The president’s $12.5 billion Pathways Back to Work proposal would provide summer and year-round jobs and training for low-income youth and subsidized jobs and training for the long-term unemployed. There are initiatives to improve high schools and to invest in community colleges. The budget would stop cuts in food stamps scheduled to start in November.

While the last deficit reduction deal made the Bush tax cuts permanent for all but the richest 1 percent, improvements in the low-income tax credits enacted in 2009 were only extended for five years. The Obama budget makes the current levels permanent for the Child Tax Credit, Earned Income Tax Credit and the American Opportunity Tax Credit — lifting more than 9 million low-wage workers and their children above the poverty line and creating greater opportunity for low- and middle-income students to attend college.

Then there’s the bad news.

The budget slashes the Community Services Block Grant to $350 million (down from $682 million this year). These funds support community action agencies nationwide, which administer Head Start, home energy assistance, emergency food and local economic development and other anti-poverty initiatives. These agencies leverage private dollars and coordinate services — exactly the kind of efficiencies the Administration is counting on. The budget also cuts the Low Income Home Energy Assistance Program (LIHEAP) by more than $500 million. And by shrinking the annual inflation adjustment (the “chained-CPI” proposal), the Administration reduces not only Social Security benefits but also over time the value of the Earned Income Tax Credit.

The president’s budget does include protections to reduce the impact of this lower adjustment for inflation. Social Security beneficiaries over age 76 and people receiving disability benefits for long periods will eventually receive an increase in their benefits to mitigate their loss.

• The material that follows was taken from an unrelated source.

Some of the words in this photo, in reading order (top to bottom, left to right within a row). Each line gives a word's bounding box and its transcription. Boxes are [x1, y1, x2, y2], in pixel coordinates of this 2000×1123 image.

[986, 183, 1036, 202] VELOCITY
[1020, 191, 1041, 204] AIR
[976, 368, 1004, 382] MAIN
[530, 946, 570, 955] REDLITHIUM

While the lowest-income people may in the end receive higher benefits than under current law, they will experience years of losses before their benefits catch up. (And some won’t live to see those gains.) The Administration’s proposal exempts low-income programs like food stamps/SNAP, Supplemental Security Income and Pell Grants from the “chained CPI” reductions, although there is concern that if cuts can be applied to a popular program like Social Security, these low-income programs will remain vulnerable.

While the job creation and economic development proposals are well designed, the scope is not adequate to meet the needs of the current weak economy. The president stated that his budget shows it is possible to reduce the deficit and invest in economic growth at the same time. But the Senate budget, with more revenue and more Pentagon savings, demonstrates this possibility more clearly.

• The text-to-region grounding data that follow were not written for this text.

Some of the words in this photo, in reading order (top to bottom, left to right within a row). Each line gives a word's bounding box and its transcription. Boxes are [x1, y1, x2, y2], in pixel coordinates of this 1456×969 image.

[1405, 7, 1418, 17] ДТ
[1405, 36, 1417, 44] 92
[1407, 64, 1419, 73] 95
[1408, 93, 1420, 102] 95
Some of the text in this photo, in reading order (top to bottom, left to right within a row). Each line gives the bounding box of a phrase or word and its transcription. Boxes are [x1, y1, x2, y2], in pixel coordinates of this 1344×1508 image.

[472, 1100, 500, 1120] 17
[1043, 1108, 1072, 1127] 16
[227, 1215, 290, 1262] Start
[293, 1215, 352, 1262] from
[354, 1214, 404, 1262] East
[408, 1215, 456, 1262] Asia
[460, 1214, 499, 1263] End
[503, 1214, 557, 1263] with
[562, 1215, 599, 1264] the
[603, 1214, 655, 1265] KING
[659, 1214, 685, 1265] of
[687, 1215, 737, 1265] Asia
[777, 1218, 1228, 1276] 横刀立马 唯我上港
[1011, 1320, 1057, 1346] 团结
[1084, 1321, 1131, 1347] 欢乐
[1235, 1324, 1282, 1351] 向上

What can make the anti-poverty and job creation provisions less of a long shot? Those who care about making investments in our people have to speak out loudly about the damage from the budget cuts now in effect, and vigorously support the expansions. A groundswell of public support is now pressing Congress to pass immigration reform and prevent gun violence. We need to see that same kind of tenacity, determination and outcry for shared prosperity, too.


Deborah Weinstein Deborah Weinstein is the executive director of the Coalition for Human Needs, a Washington, D.C.-based alliance of national organizations working together to promote public policies that address the needs of low-income people and other vulnerable populations.